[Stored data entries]
Segment Open

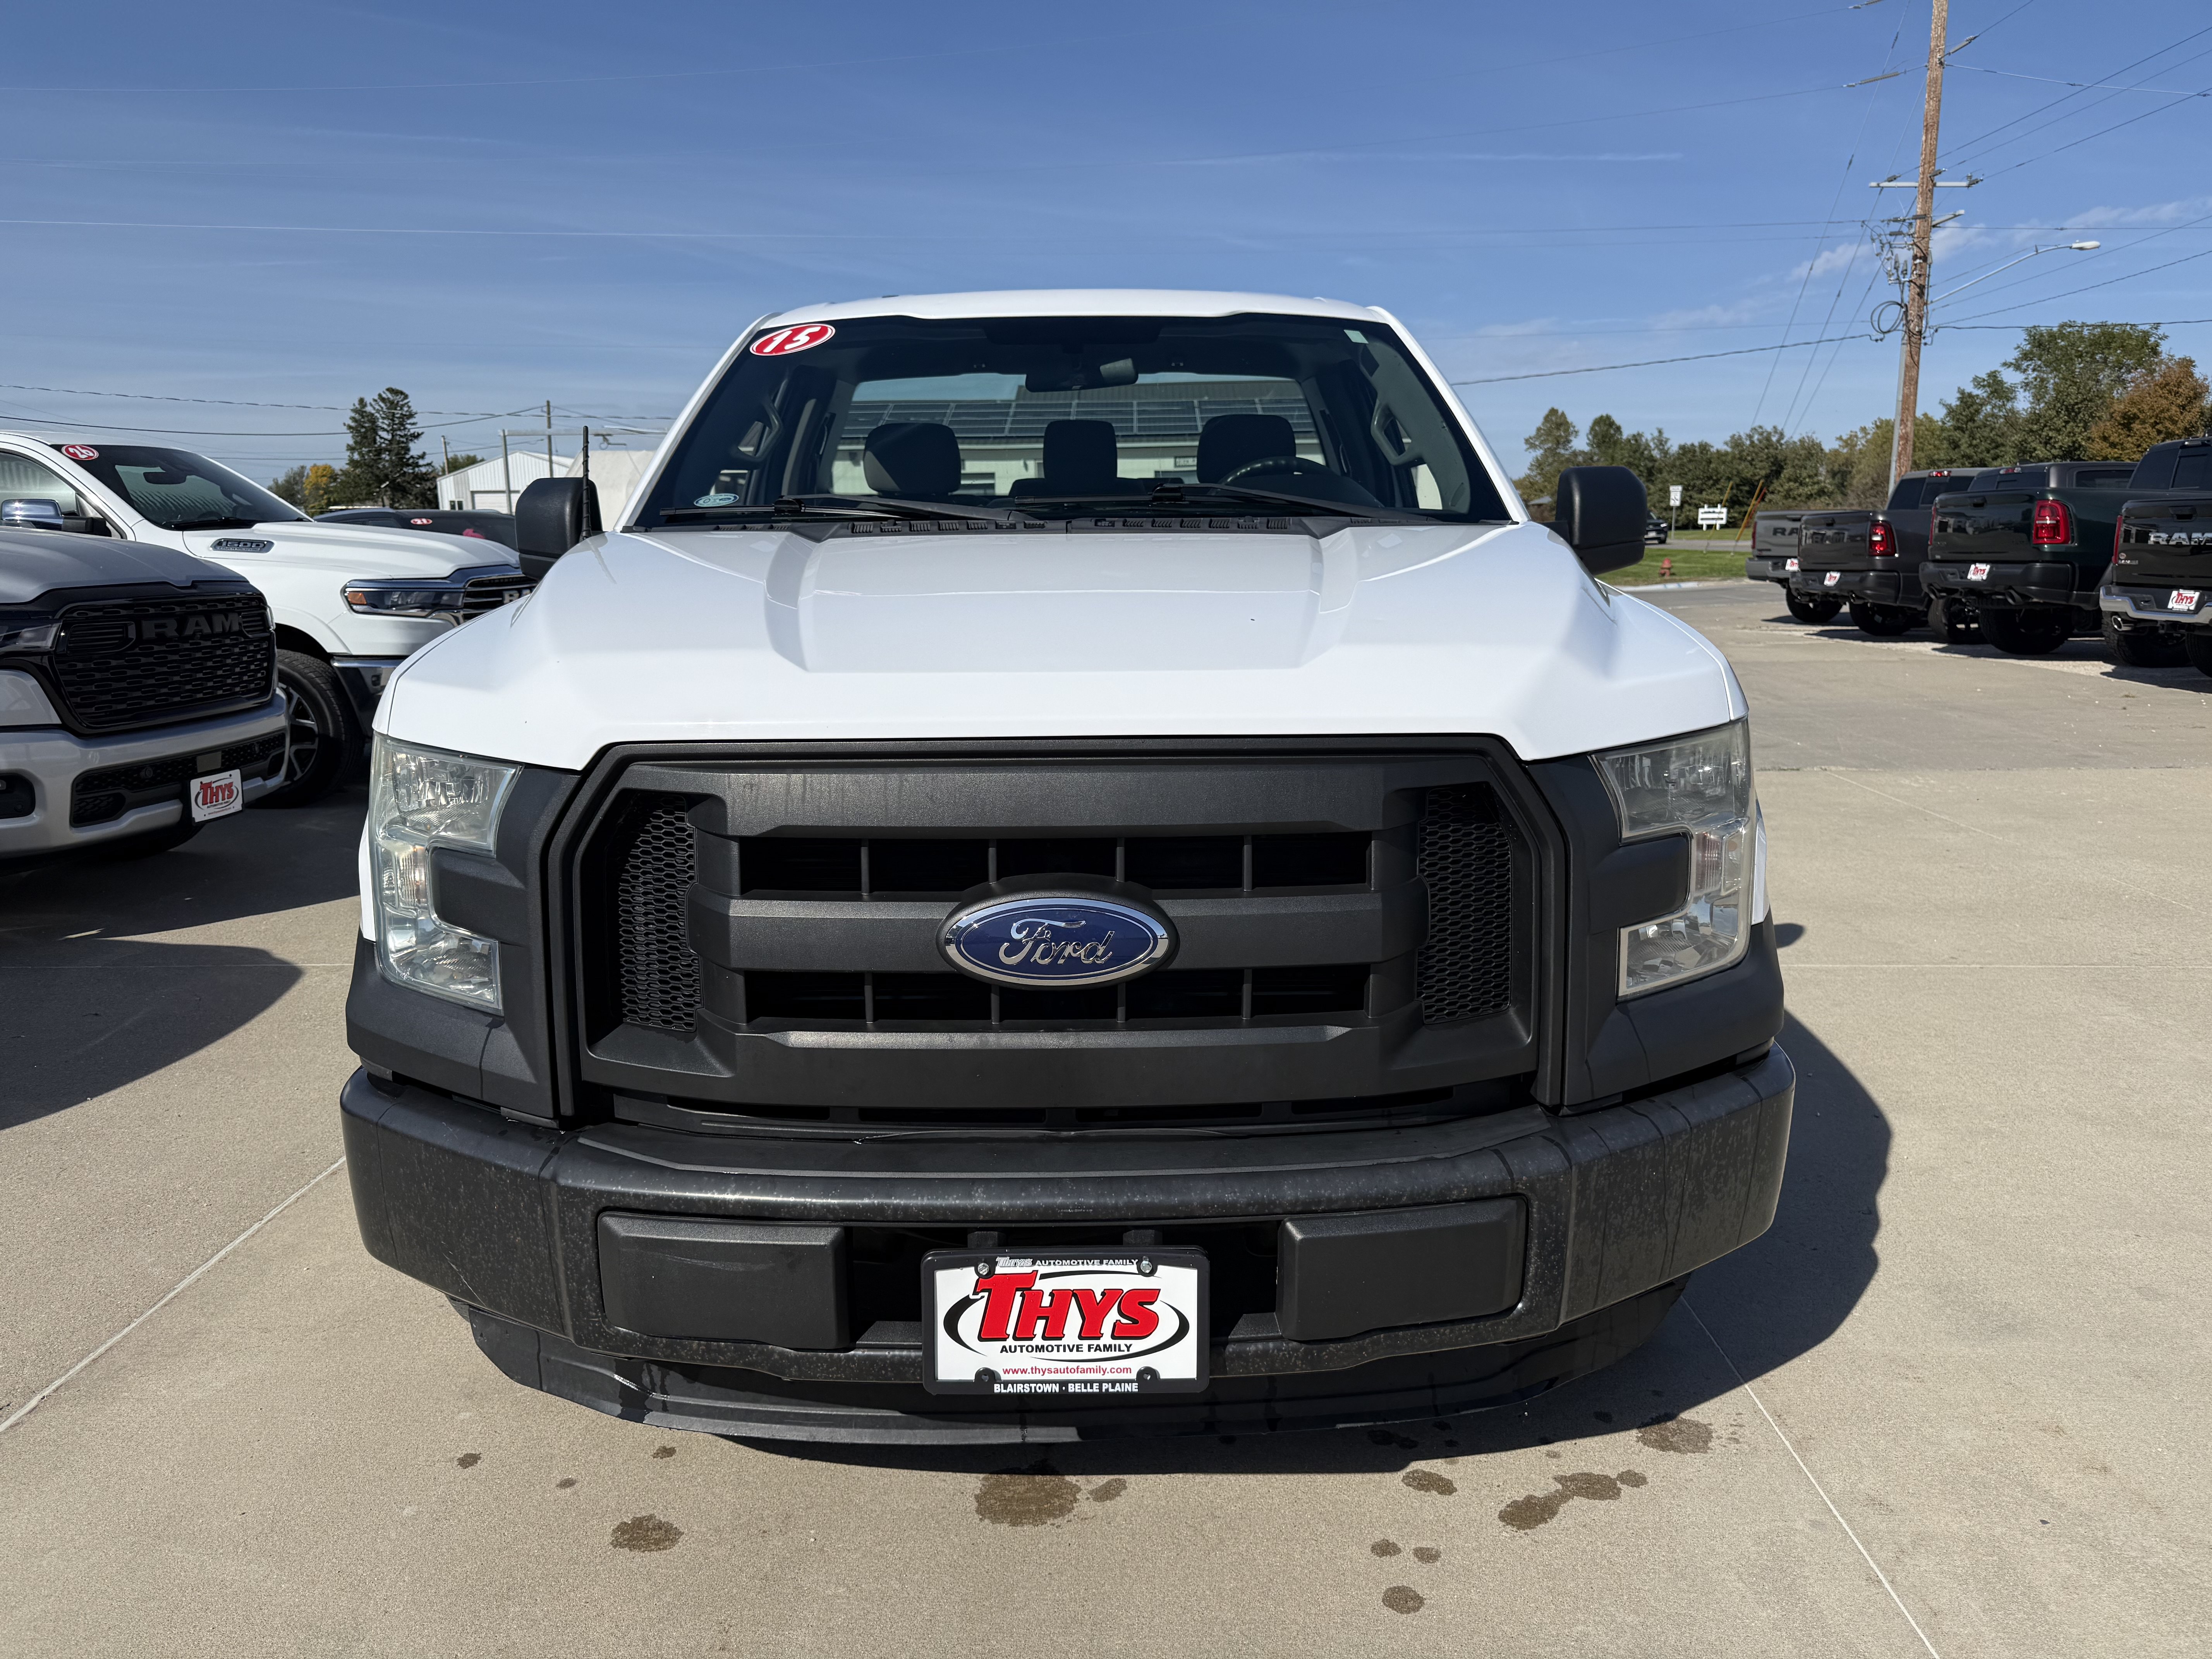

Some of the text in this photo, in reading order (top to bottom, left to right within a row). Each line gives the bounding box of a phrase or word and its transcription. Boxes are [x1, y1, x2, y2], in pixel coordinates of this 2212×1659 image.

[763, 326, 821, 353] 15
[68, 446, 94, 459] 26
[1772, 527, 1798, 536] RA
[2174, 592, 2195, 604] THYS
[142, 612, 239, 639] RAM
[200, 781, 234, 806] THYS
[998, 918, 1115, 965] Ford
[975, 1270, 1161, 1341] THYS
[1000, 1343, 1133, 1353] AUTOMOTIVE FAMILY
[1002, 1365, 1132, 1376] www.thysautofamily.com
[994, 1382, 1139, 1393] BLAIRSTOWN BELLE PLAINE

Segment Closed

Work order:
What you return should match the records line for line, minus the pictures.

Exercise result:
Some of the text in this photo, in reading order (top to bottom, left to right within a row). Each line gives the bounding box of a phrase or word and its transcription. Boxes are [x1, y1, x2, y2], in pixel coordinates of this 2212×1659 image.

[763, 326, 821, 353] 15
[68, 446, 94, 459] 26
[1772, 527, 1798, 536] RA
[2174, 592, 2195, 604] THYS
[142, 612, 239, 639] RAM
[200, 781, 234, 806] THYS
[998, 918, 1115, 965] Ford
[975, 1270, 1161, 1341] THYS
[1000, 1343, 1133, 1353] AUTOMOTIVE FAMILY
[1002, 1365, 1132, 1376] www.thysautofamily.com
[994, 1382, 1139, 1393] BLAIRSTOWN BELLE PLAINE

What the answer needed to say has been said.